### Record set
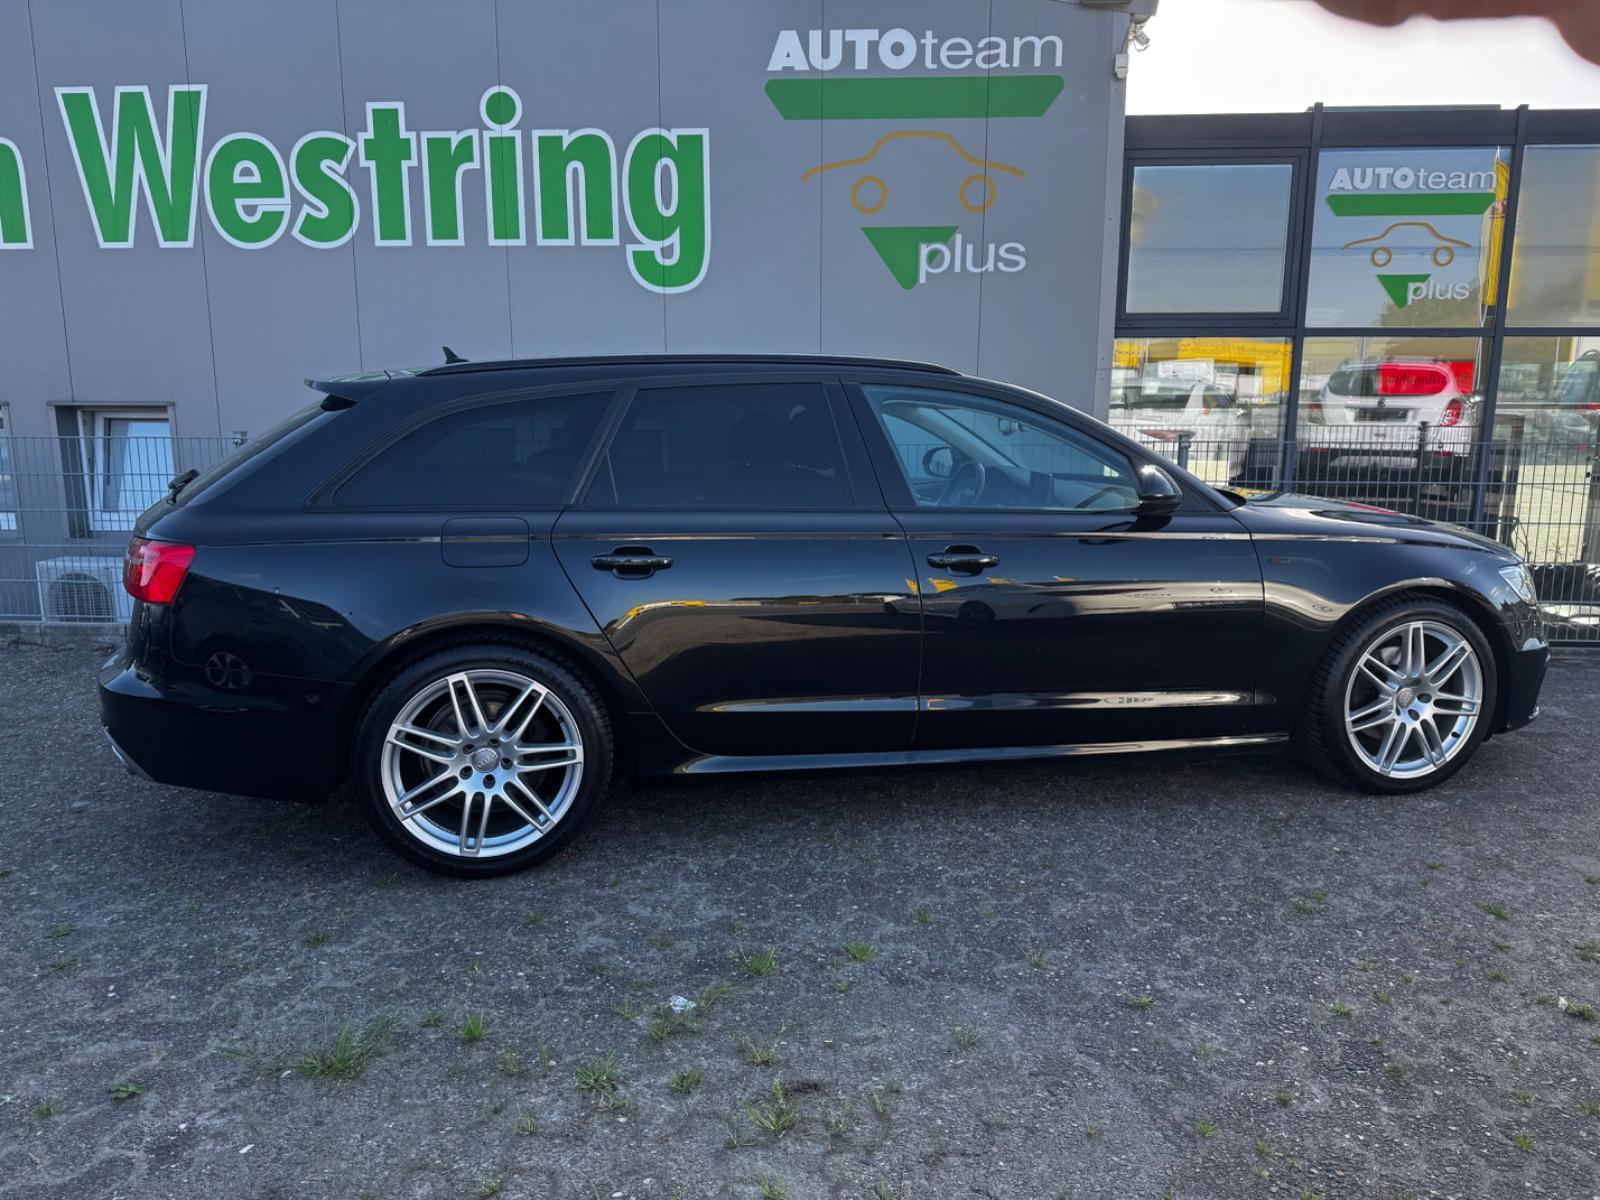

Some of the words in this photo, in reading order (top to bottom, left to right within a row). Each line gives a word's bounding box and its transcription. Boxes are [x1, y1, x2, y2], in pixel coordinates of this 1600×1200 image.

[766, 28, 1064, 71] AUTOteam
[54, 84, 711, 294] Westring
[1328, 167, 1497, 191] AUTOteam
[918, 233, 1027, 284] plus
[1407, 277, 1470, 305] plus

### Your task
Transcribe everything above exactly. Do not include the pictures.

### Answer section
Some of the words in this photo, in reading order (top to bottom, left to right within a row). Each line gives a word's bounding box and its transcription. Boxes are [x1, y1, x2, y2], in pixel coordinates of this 1600×1200 image.

[766, 28, 1064, 71] AUTOteam
[54, 84, 711, 294] Westring
[1328, 167, 1497, 191] AUTOteam
[918, 233, 1027, 284] plus
[1407, 277, 1470, 305] plus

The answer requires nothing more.